The band had already validated their sublime instrumental mettle by backing John Grant on his award-winning 2010 solo debut Queen Of Denmark; now they had to step into new roles, collaborate on songwriting and have Pulido take over as frontman. He admits it wasn't the easiest transition for any of the band but the experience was enormously freeing: "Antiphon is the most honest representation of the band as a whole, as opposed to one person's vision that we were trying to facilitate."
For example, 'The Old And The Young', a lighter, swinging version of the 'new' Midlake, has elements of "bouyancy" that Pulido says were long suppressed. "The chorus is catchy and has a lift, like we were releasing the dove! I love many genres of music - from Abba to Zappa, and I wanted to write in a way that wasn't putting parameters around what it is we were creating. It was a more honest representation of who we really are."

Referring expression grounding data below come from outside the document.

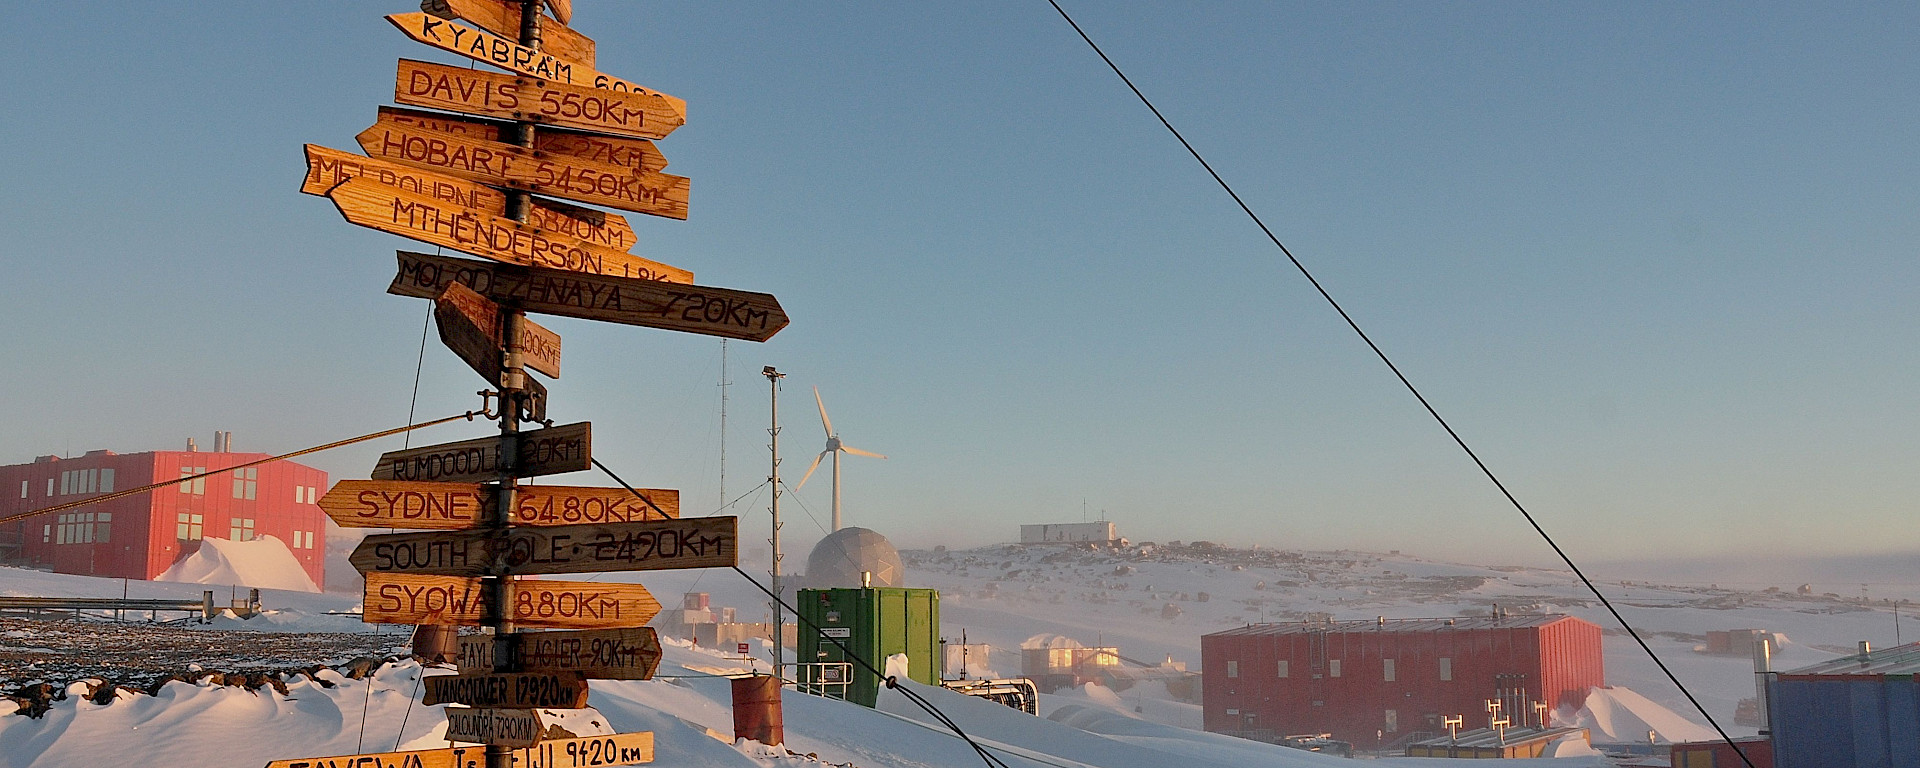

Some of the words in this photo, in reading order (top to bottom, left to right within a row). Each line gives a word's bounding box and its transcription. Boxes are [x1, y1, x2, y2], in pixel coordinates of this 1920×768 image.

[423, 16, 571, 84] KYABRAM
[409, 70, 519, 109] DAVIS
[383, 131, 515, 178] HOBART
[358, 491, 494, 520] SYDNEY
[375, 540, 468, 571] SOUTH
[492, 535, 571, 567] POLE
[378, 584, 491, 615] SYOWA
[435, 676, 508, 706] VANCOUVER
[450, 714, 494, 737] CALOUNDRA
[566, 738, 617, 767] 9420
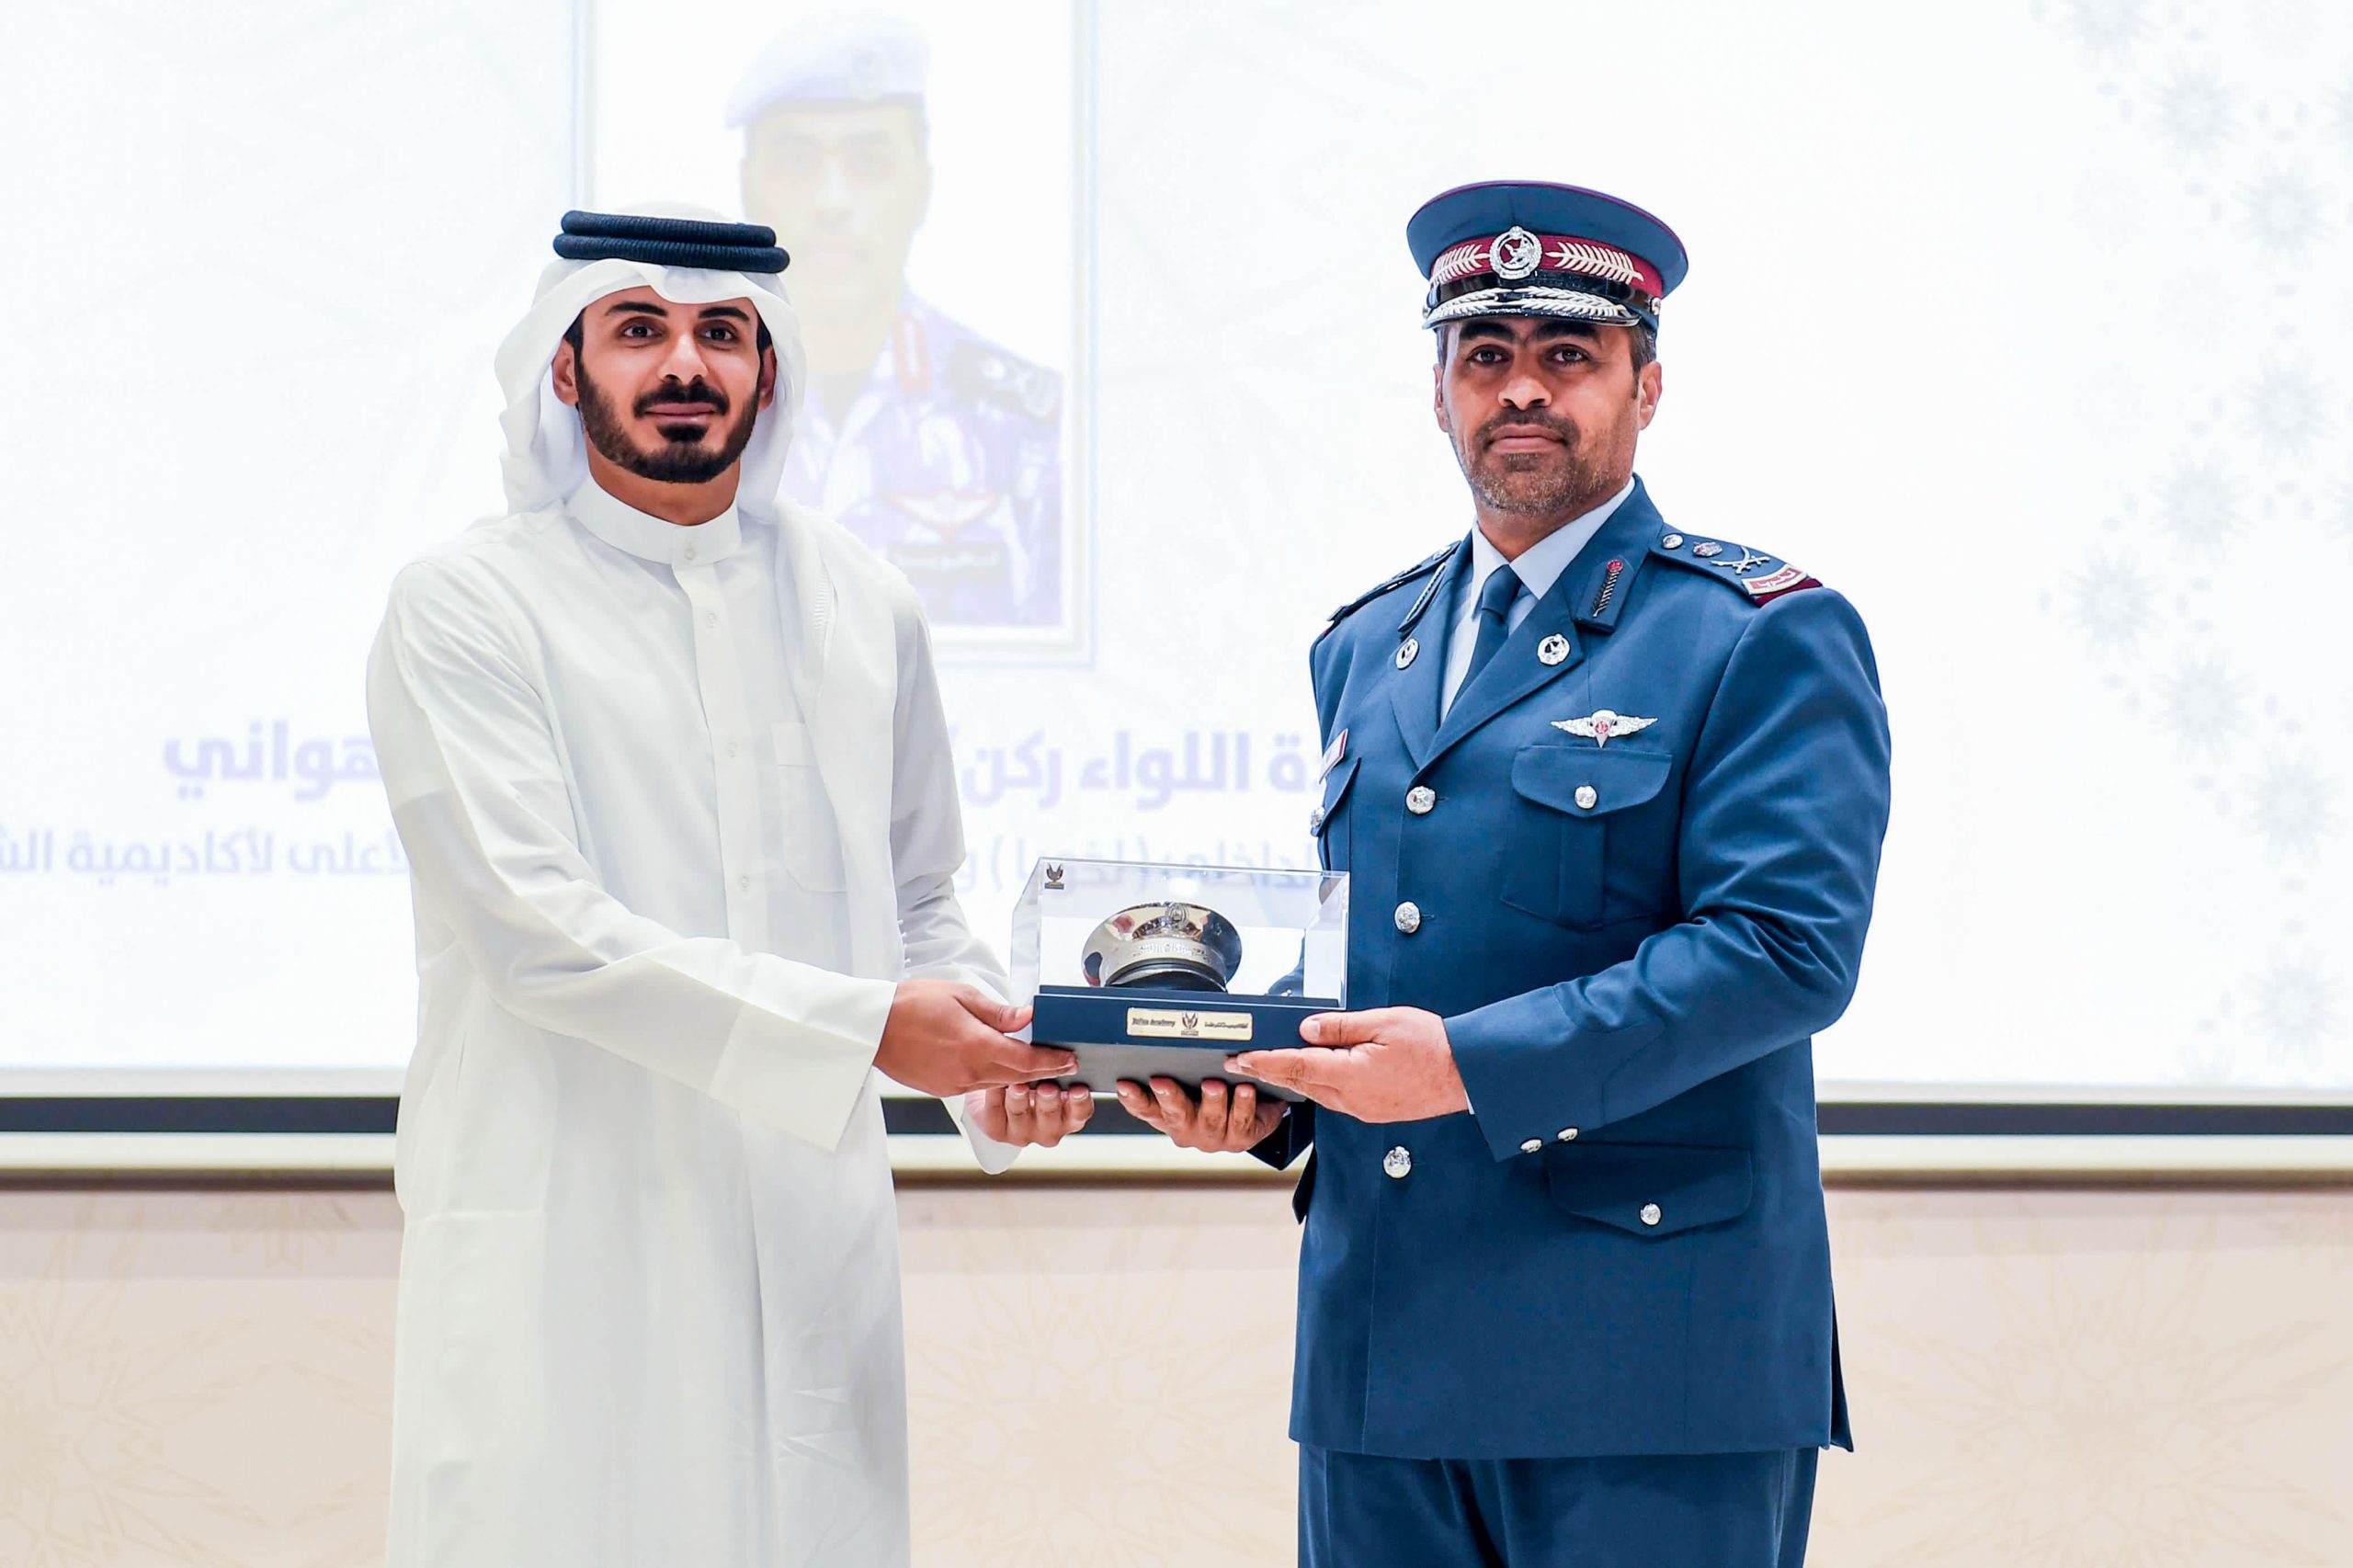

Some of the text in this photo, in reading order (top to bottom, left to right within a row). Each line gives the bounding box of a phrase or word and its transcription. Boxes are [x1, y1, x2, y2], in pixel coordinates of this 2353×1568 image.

"The past is what got you to where you are now, so you shouldn't be a malcontent about it," acknowledges Pulido. That's the gist of 'The Old And The Young', one of the lyrics on Antiphon that refers to embracing what is rather than lamenting what was. 'Provider Reprise' is "a farewell, like the sound you might hear when you enter the gates of heaven!" The gentler 'Aurora Gone' concerns divorce while 'This Weight' concerns the selfishness of man, "turning away from this existence, to do your own thing," says Pulido. "It could be just as much about me as it is about anyone."
After the costumed antics of the band's last two album covers, the colour-saturated globe on Antiphon takes a different tack, and a broader picture outside of Midlake's internal dynamic. "It conjures imagery of a celebratory fireworks display," Pulido suggests "but it's actually a diagram of an exclusive group of connected entities with disproportionate amounts of control over the global economy. It's a beautiful way to show a darker side of things in the world."
Antiphon has a similarly paradoxical nature – from stress and upset, something positive and creative has emerged. Midlake is dead, long live Midlake.